Na investigação policial, os agentes chegaram ao nome de dona Dalva porque a cunhada, Gisleuda Oliveira da Silva, e o irmão dela, Francisco Juliano Santos Pereira, teriam participado dos crimes de formação de quadrilha e receptação. Ela foi incriminada apenas por estar em posse da cadeira de rodas, que seria fruto dos crimes. Ela diz que, se soubesse da suposta origem ilícita do objeto, não teria recebido: “Nunca cometi crime algum”.
No dia da prisão, antes de ser levada à delegacia do 19 o Distrito Policial da Polícia Civil do Estado do Ceará (PCCE), a 5 km de distância de sua casa, a dona de casa fez um pedido aos policiais: não ser algemada.
“Bem-vinda ao inferno”
Sem antecedentes criminais e sem entender o que acontecia, Dalva pensou que ao prestar depoimento logo voltaria para casa. “Quando entrei no carro [viatura], eu olhei de rabo de olho e vi meu marido. Pensei que iria embora. Que nada, me levaram pra um presídio.”
No Instituto Penal Feminino Auri Moura Costa (IPF), em Itaitinga, na Grande Fortaleza, Dalva ficou encarcerada por oito dias, o que contraria as regras para prisão em flagrante, que estabelece a necessidade de uma audiência de custódia perante o juiz em até 24 após a prisão, de acordo com a Resolução de 2015 do Conselho Nacional de Justiça (CNJ).

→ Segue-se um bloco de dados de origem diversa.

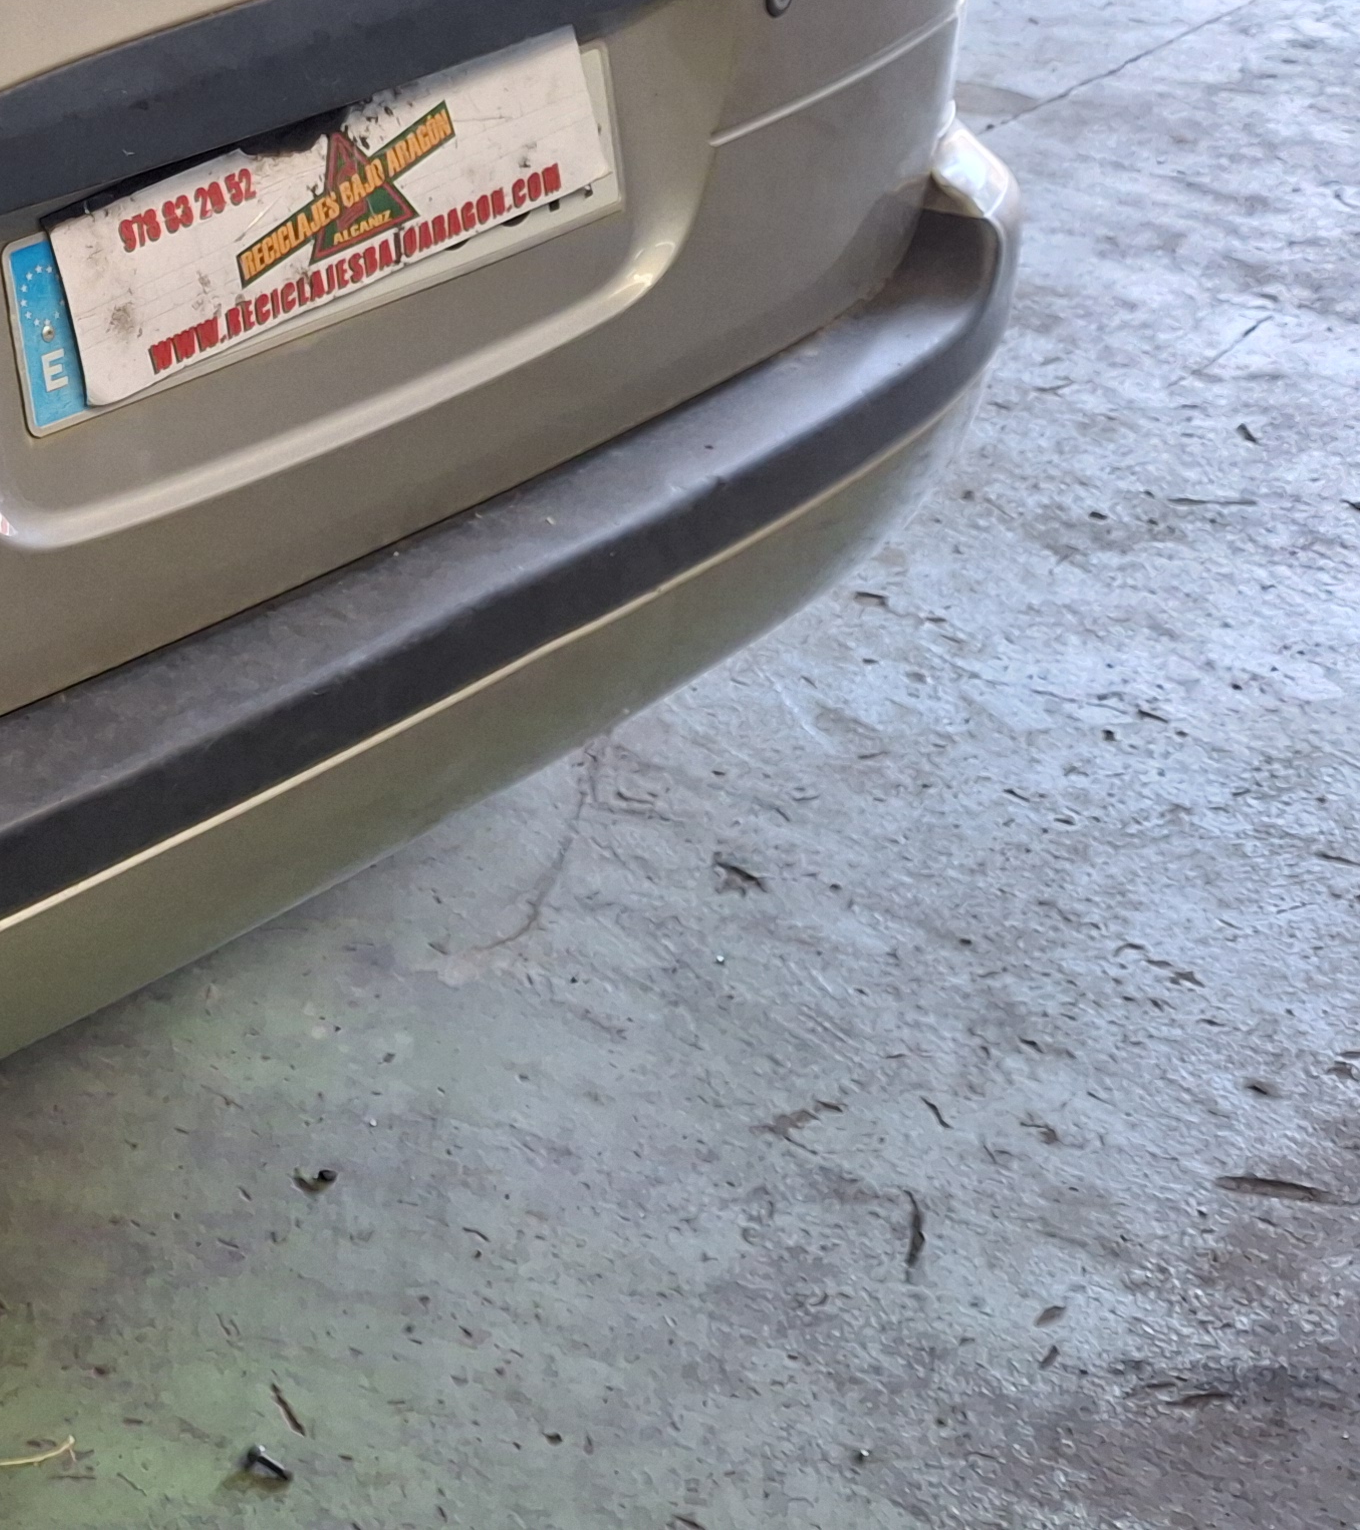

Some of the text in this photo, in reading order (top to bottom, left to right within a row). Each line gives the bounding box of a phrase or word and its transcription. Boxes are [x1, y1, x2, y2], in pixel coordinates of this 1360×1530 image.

Na época, o único presídio feminino do Ceará abrigava mais de mil detentas. “Quando cheguei no presídio, fiquei em uma fila e me mandaram tirar a roupa. Me disseram: ‘Bem-vinda ao inferno’. Aí pronto, foi quando meu mundo desabou.” Ela relata que na cela lotada passou os dias só bebendo água, sem comer direito e sem dormir, dentro de um banheiro.
Érica conta que a mãe chegou a sofrer ameaças de morte por estar numa ala perigosa do presídio. A ameaça só não se concretizou, ela diz, porque algumas detentas souberam do caso pela repercussão nas TVs locais, em que se falava da inocência de Dalva.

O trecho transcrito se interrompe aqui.